Spatial distribution of measured fibril oscillation periods and LOS-POS phase differences. Each symbol marks the coordinates of the oscillation point. The triangular symbols mark the points where an oscillation is detected in both vPOS and vLOS. The size of the triangular symbols is proportional to their average period. The colour-coding of yellow, orange, and red represents the absolute values of the phase difference between the vLOS and vPOS oscillations where their period is correlated. The coordinates of the oscillations that do not have a clear correlation between their P ¯ POS $ \overline{P}_\mathrm{{POS}} $ and P ¯ LOS $ \overline{P}_\mathrm{{LOS}} $ are shown with grey triangles. The orientation of the triangular symbols shows the perpendicular direction to the cuts (Fig. 1f) across the bright fibrils. The cross symbols mark the points where an oscillation is detected in the POS direction but not in the LOS direction. The filled white contour lines indicate areas in the photosphere with magnetic concentrations, where the footpoints of the fibrils are located.

Summary of results. We now present a summary of our main findings. We selected a number of cross-cuts through Ca II K bright fibrils, and defined a sample of 605 fibrils along these cross-cuts. We determined the velocity amplitudes and periods of the fibril oscillations for both the LOS and POS directions. The distribution of periods and amplitudes in both directions is similar, with a mean period of around 2.2 × 102 s, and a mean velocity amplitude of 1.1 km s−1.

Because the sample was selected based on POS oscillations, all of them exhibit a POS oscillation. The majority of them (77%, i.e. 468 fibrils out of 605 oscillations in total) show a clear LOS oscillation pattern. Of those, 373 fibrils (80% of the subsample) showed oscillations with similar periods in both the LOS and POS directions. For these, we measured the phase difference between the two oscillation directions. All phase differences occur, but there is a preference for zero phase difference.

5. Discussion

The periods and POS velocity amplitudes that we measure here fall in the range of transverse oscillations observed in Hα fibrils as reported by Morton et al. (2013). The oscillations in Hα spicule-like events reported by Shetye et al. (2021) have smaller periods and larger amplitudes.

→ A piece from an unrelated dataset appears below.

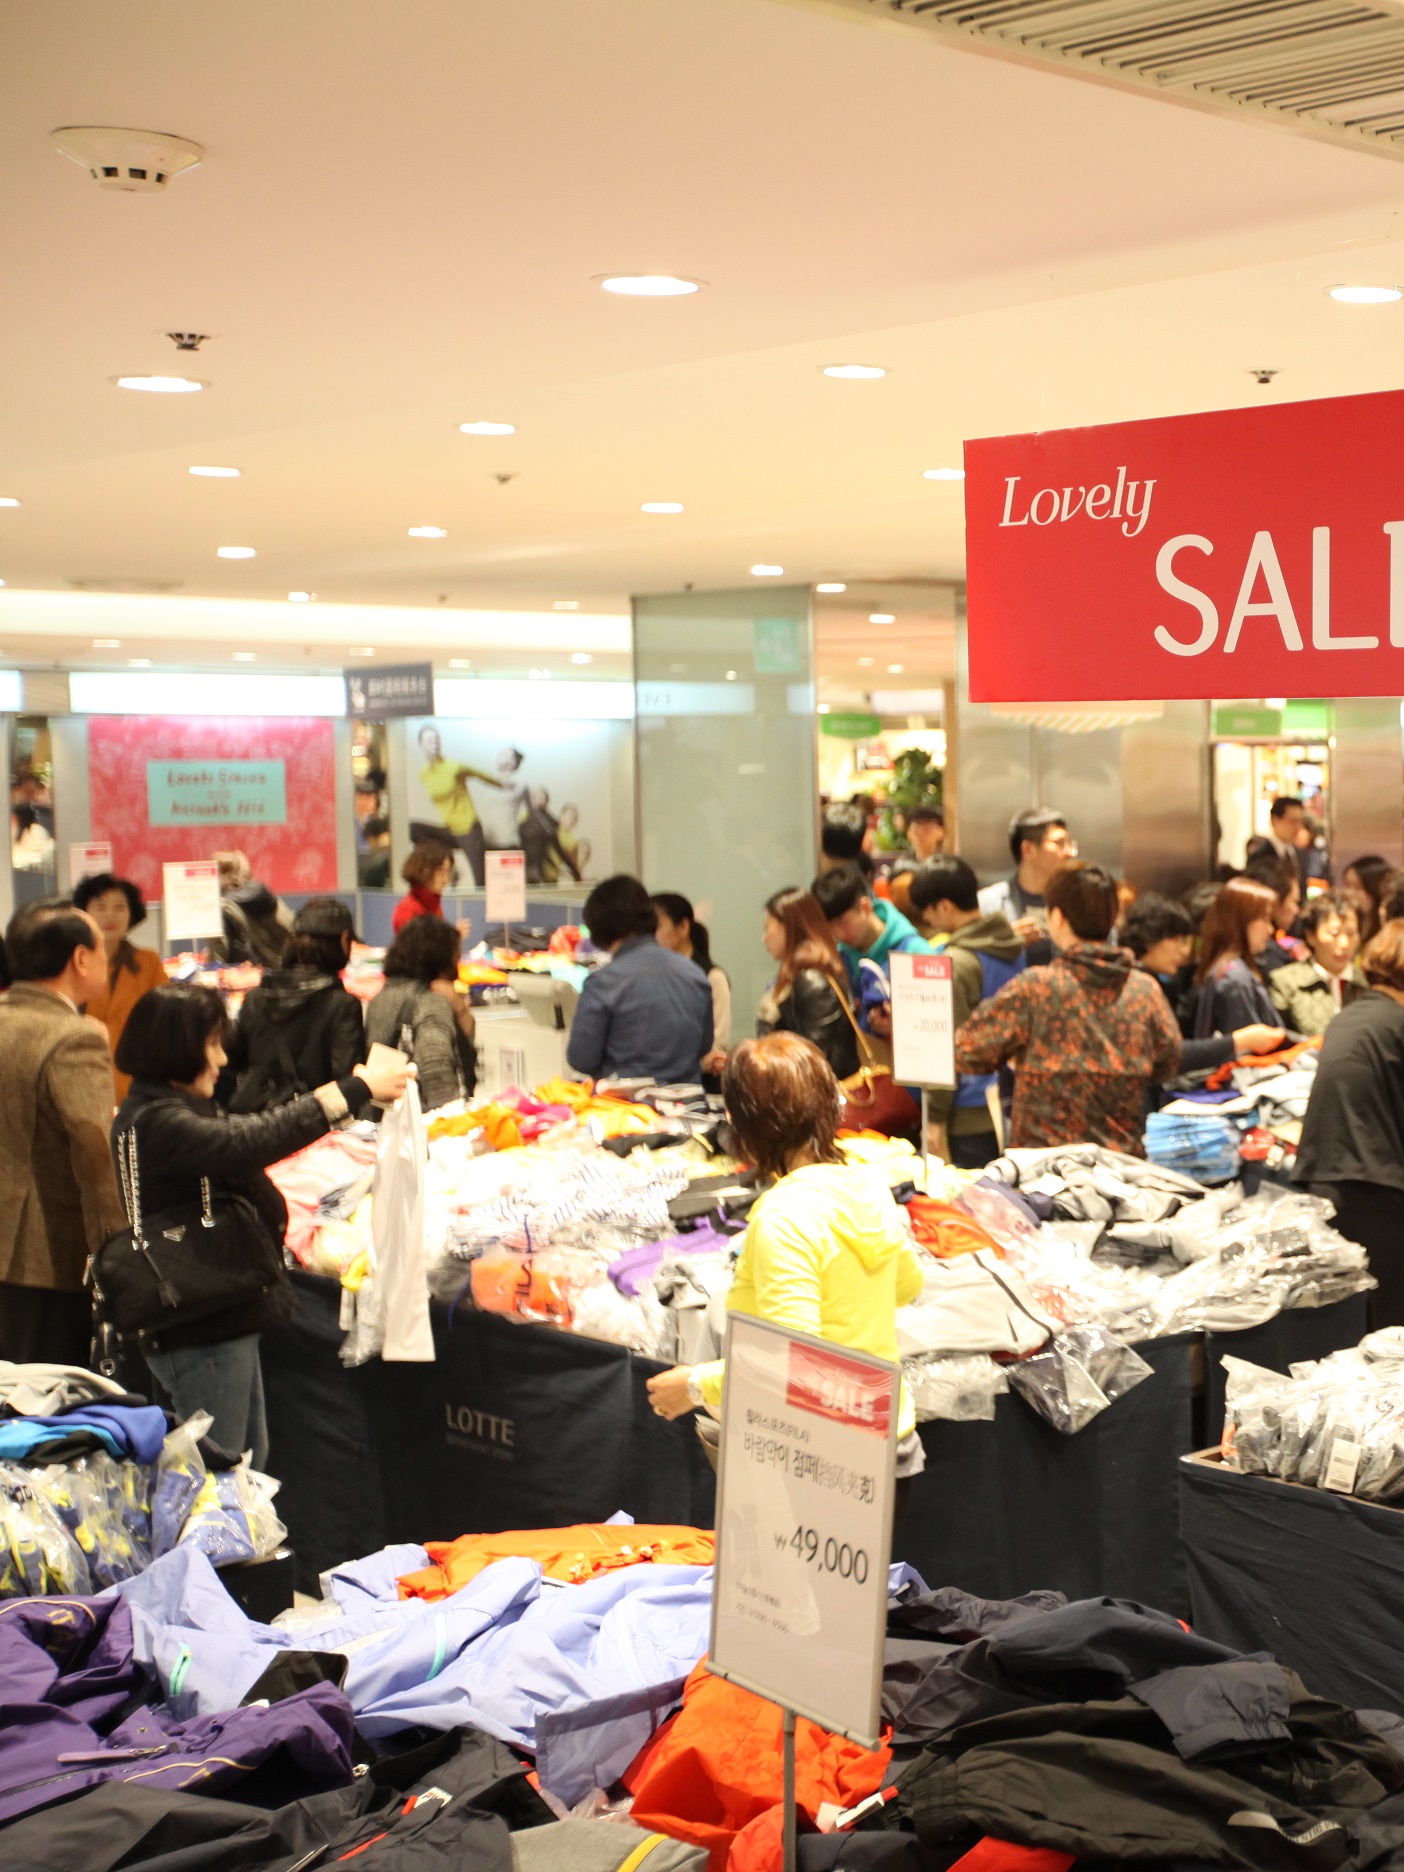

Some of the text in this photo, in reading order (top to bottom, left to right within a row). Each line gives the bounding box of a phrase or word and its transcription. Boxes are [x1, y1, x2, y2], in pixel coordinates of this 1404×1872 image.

The median period in POS oscillations of about 190 s that we measure is larger than the median period of 84 s reported in Jafarzadeh et al. (2017) for Ca II H fibrils observed with a 0.11 nm filter. Table 2 of Jafarzadeh et al. (2017) lists the observed periods and amplitudes of transverse oscillations in fibrils, mottles, and spicules observed in Hα and Ca II H in different studies using a variety of instruments. Specifically, the observed periods ranged between 16 s and 600 s, and was roughly consistent for all studies. However, the differences in periods and amplitudes might have multiple causes, such as differences in the observed target, observing cadence, procedures used to define and detect spicules, and data processing. A limit upon our study is that we smooth oscillations in time with a 64 s boxcar average, which effectively blocks us from detecting periods smaller than ∼120 s. This might explain the larger value for the median period that we found compared to those in Jafarzadeh et al. (2017) and Shetye et al. (2021). While the use of a 64 s boxcar filter was employed to remove residual instrumental jitter, we acknowledge that even though a 64 s boxcar filter was employed filtering which causes not to fully exploit the high cadence of the data, the smaller scale higher frequency oscillations were not the subject of our study.

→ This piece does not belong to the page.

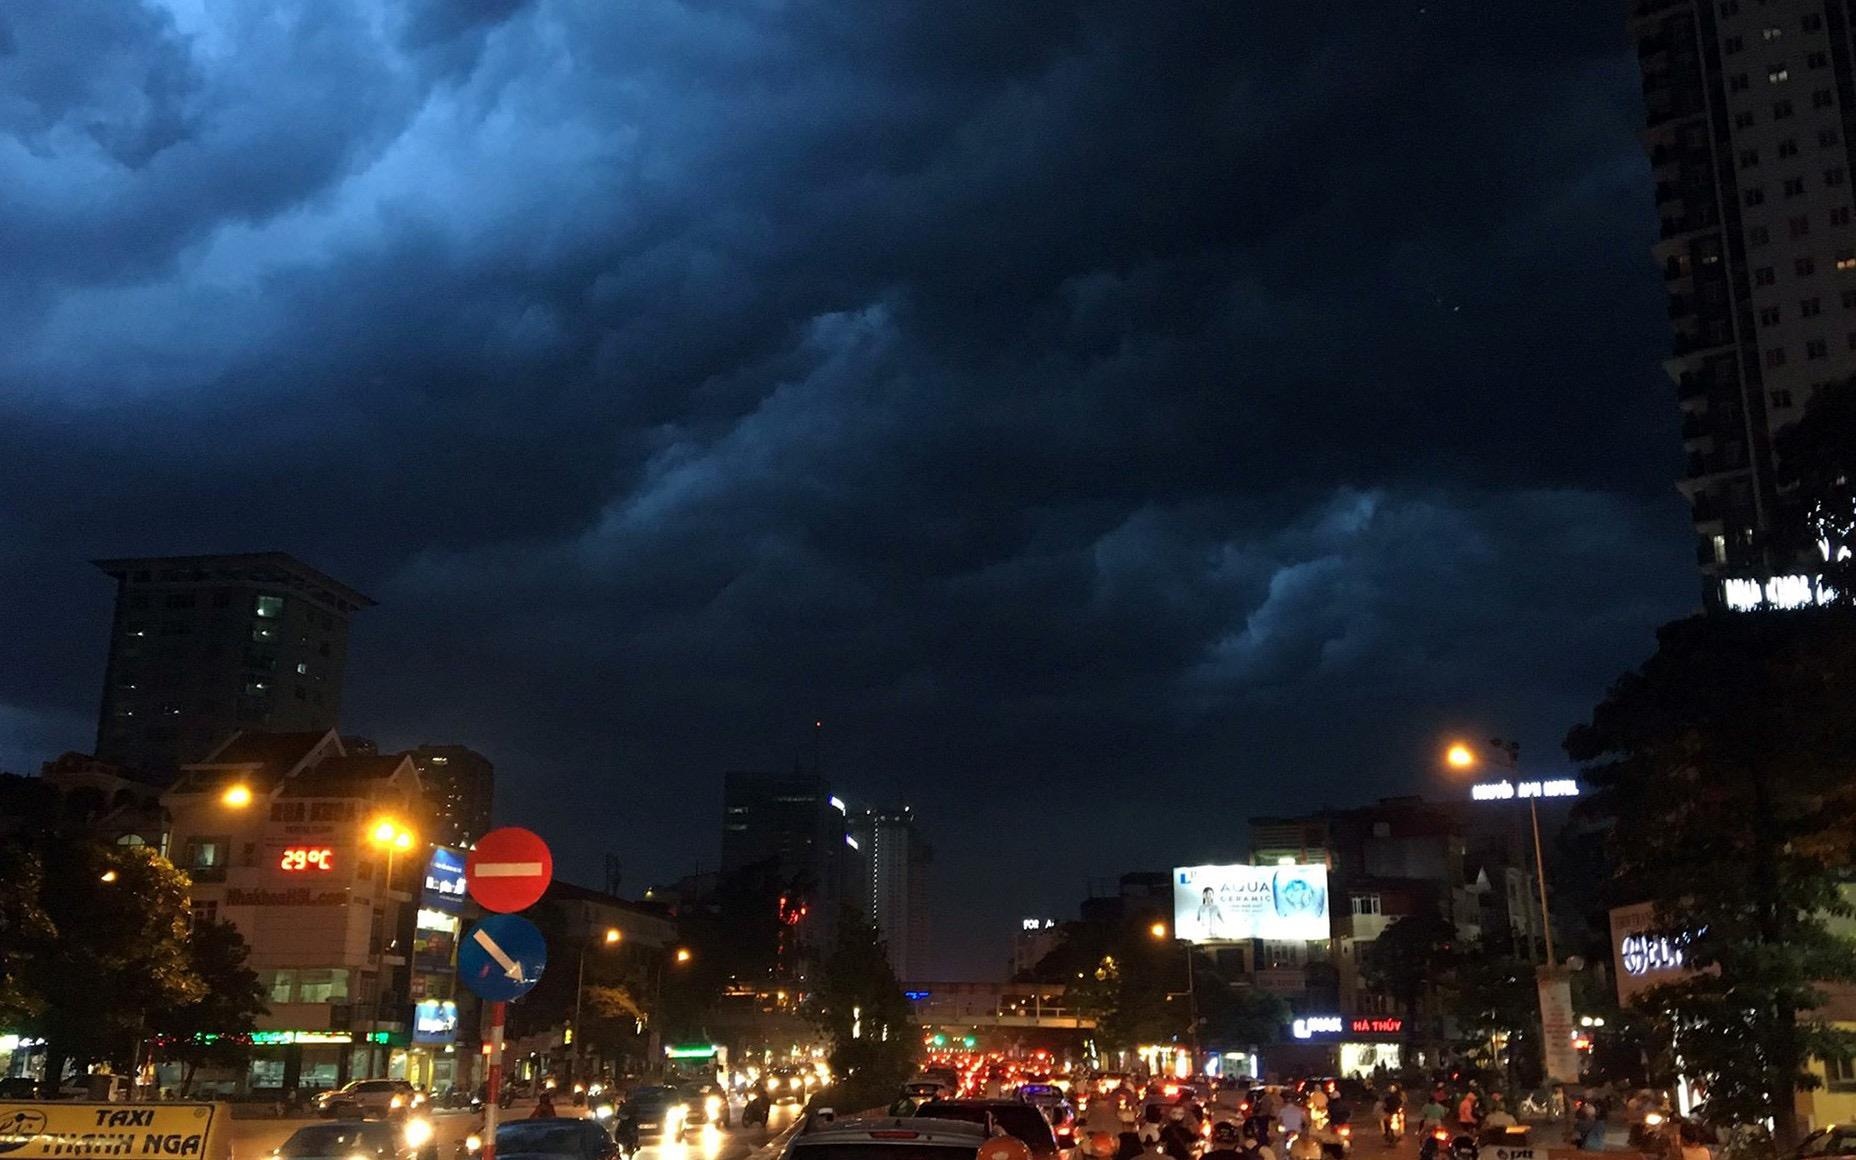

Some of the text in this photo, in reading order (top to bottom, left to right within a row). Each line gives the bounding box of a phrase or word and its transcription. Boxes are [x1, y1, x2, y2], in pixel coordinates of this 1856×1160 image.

Observations of fibrils in Hα and Type II spicules show diverse velocity amplitudes, with median values ranging from 5 km s−1 to 10 km s−1. The Ca II K fibrils in this study, as well as those observed by Jafarzadeh et al. (2017), have a POS velocity amplitude in the range of 1–2 km s−1. This difference could be explained by the differences in the formation height together with decreasing mass density with height: for constant wave flux (and phase speed), lower density gas implies larger velocity amplitude. For fibrils that appear both in Ca II K and Hα, the segment of the fibril that appears bright in Ca II K is likely located lower in the atmosphere than the segment only visible in Hα. Kianfar et al. (2020) reported that Ca II K shows fibrils located around log τ500 ≈ −4.3, while the Hα line core forms at larger heights (log τ500 ≈ −5.7 in the Fontenla, Avrett, and Loeser C (FALC) model atmosphere). Type II spicules can protrude far above the bulk chromosphere and are expected to form at even lower densities.

The presence of oscillations in both the LOS and POS direction, with comparable periods for 373 out of 468 fibrils in our sample, strongly suggests that both oscillation directions are excited by the same process. Theoretical calculations show that curved flux tubes have nearly the same wave speeds in the vertical and horizontal directions (van Doorsselaere et al. 2009).

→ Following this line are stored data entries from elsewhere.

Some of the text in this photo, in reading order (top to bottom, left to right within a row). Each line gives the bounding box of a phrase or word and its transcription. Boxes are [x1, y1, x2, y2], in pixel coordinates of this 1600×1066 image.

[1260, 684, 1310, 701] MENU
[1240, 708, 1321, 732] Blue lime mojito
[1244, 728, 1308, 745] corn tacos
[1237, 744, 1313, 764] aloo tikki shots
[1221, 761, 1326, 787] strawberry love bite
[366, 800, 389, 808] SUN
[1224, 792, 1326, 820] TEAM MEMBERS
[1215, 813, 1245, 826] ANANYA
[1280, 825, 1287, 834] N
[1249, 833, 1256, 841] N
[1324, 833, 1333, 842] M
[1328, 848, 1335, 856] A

The presence of fibrils with identical periods and zero phase difference in our sample is consistent with convective buffeting (Spruit 1981) that has randomly oriented kicks as a driver because there is only a very weak correlation between the LOS and POS velocity amplitudes (Fig. 9). We note that the three-minute oscillations, often linked to larger magneto-acoustic waves, may influence the LOS velocity. However, Rosenthal et al. (2002) suggest that these oscillations do not penetrate deeply into the β < 1 regime, where the bright fibrils are located, thus minimising their potential impact on our analysis.

However, simulations of photospheric magnetoconvection at high resolution (e.g. Rempel 2014) show substantially more complex motions of photospheric magnetic elements, which could explain the whole range of phase differences that we observe. We find similar velocity amplitudes for the POS and the LOS oscillations. Shetye et al. (2021) found smaller LOS amplitudes than POS amplitudes in Hα spicules. They defined the LOS velocity as the first moment of the line profile, which can yield different values than the actual LOS gas velocity (see Figs. 5 and 6 in Danilovic et al. 2023). The measurement of fibril oscillations in Hα using the Doppler shift of the line profile minimum as a LOS velocity measurement (Leenaarts et al. 2012a) could provide a more reliable measurement of the relative sizes of the LOS and POS velocity amplitudes.

The existence of fibrils with a phase difference of π/2 between the oscillations in POS and LOS directions indicates the presence of fully circularly polarised waves, in the context of flux tubes known as helical kink waves (Zaqarashvili & Skhirtladze 2008). This leads to circular motion of the tube axis in the plane perpendicular to the tube. Such motions have been detected before in both off-limb spicules (e.g. Gadzhiev & Nikolskii 1982) and on-disc spicules (Shetye et al. 2021). Similar motions have also been detected in the chromosphere above photospheric magnetic elements using feature tracking (Stangalini et al. 2017).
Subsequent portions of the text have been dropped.